== Segment start ==

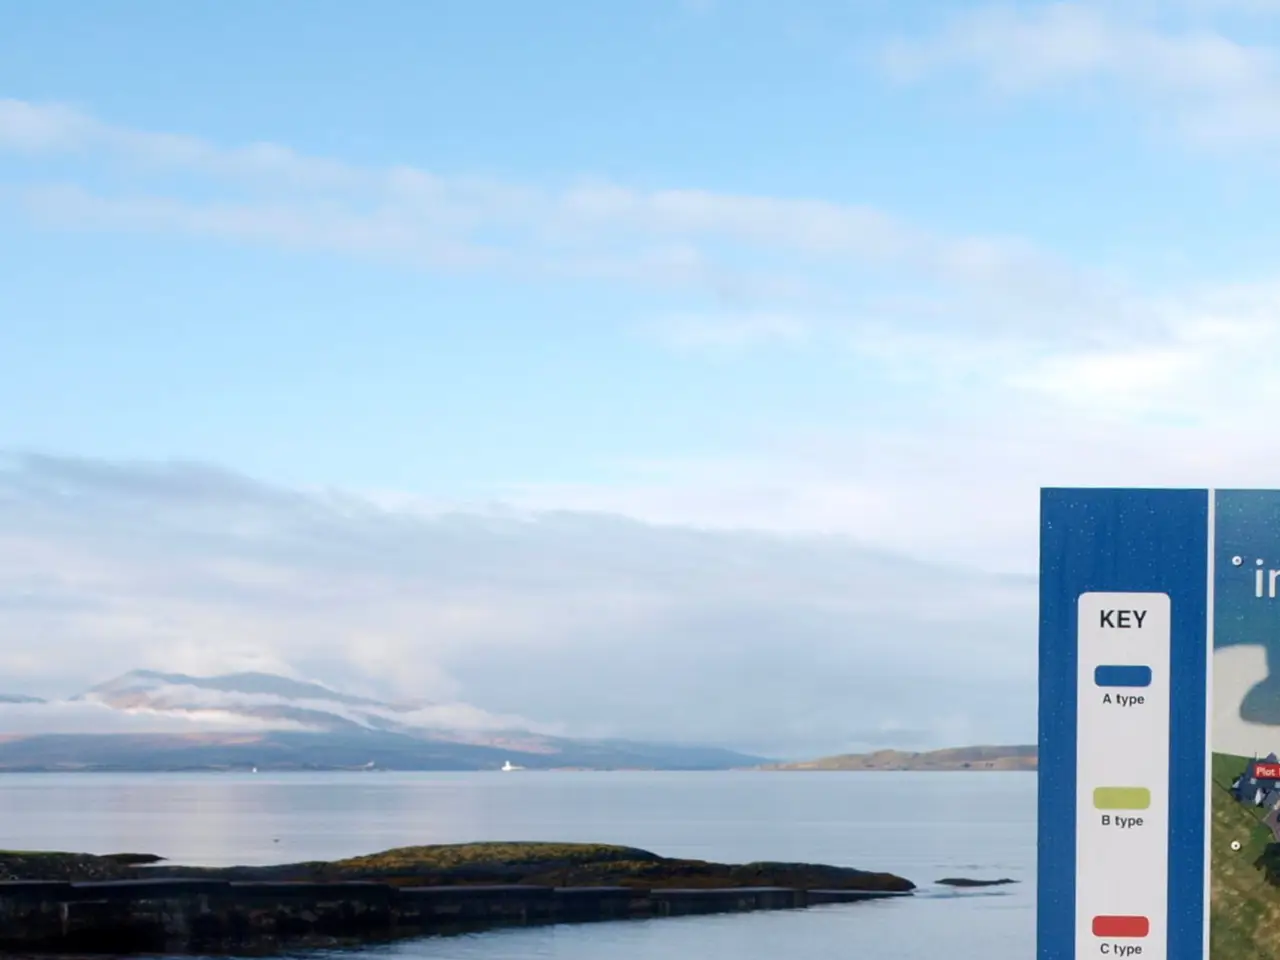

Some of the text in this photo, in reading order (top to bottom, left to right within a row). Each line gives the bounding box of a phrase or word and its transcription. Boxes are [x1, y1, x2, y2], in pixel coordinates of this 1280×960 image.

[1100, 609, 1147, 628] KEY
[1103, 693, 1145, 707] A type
[1256, 767, 1276, 777] Plot
[1102, 815, 1144, 830] B type
[1100, 943, 1142, 957] C type

== Segment end ==

Make an exact copy of the listing above, omitting the pictures.

— Written response —
Some of the text in this photo, in reading order (top to bottom, left to right within a row). Each line gives the bounding box of a phrase or word and its transcription. Boxes are [x1, y1, x2, y2], in pixel coordinates of this 1280×960 image.

[1100, 609, 1147, 628] KEY
[1103, 693, 1145, 707] A type
[1256, 767, 1276, 777] Plot
[1102, 815, 1144, 830] B type
[1100, 943, 1142, 957] C type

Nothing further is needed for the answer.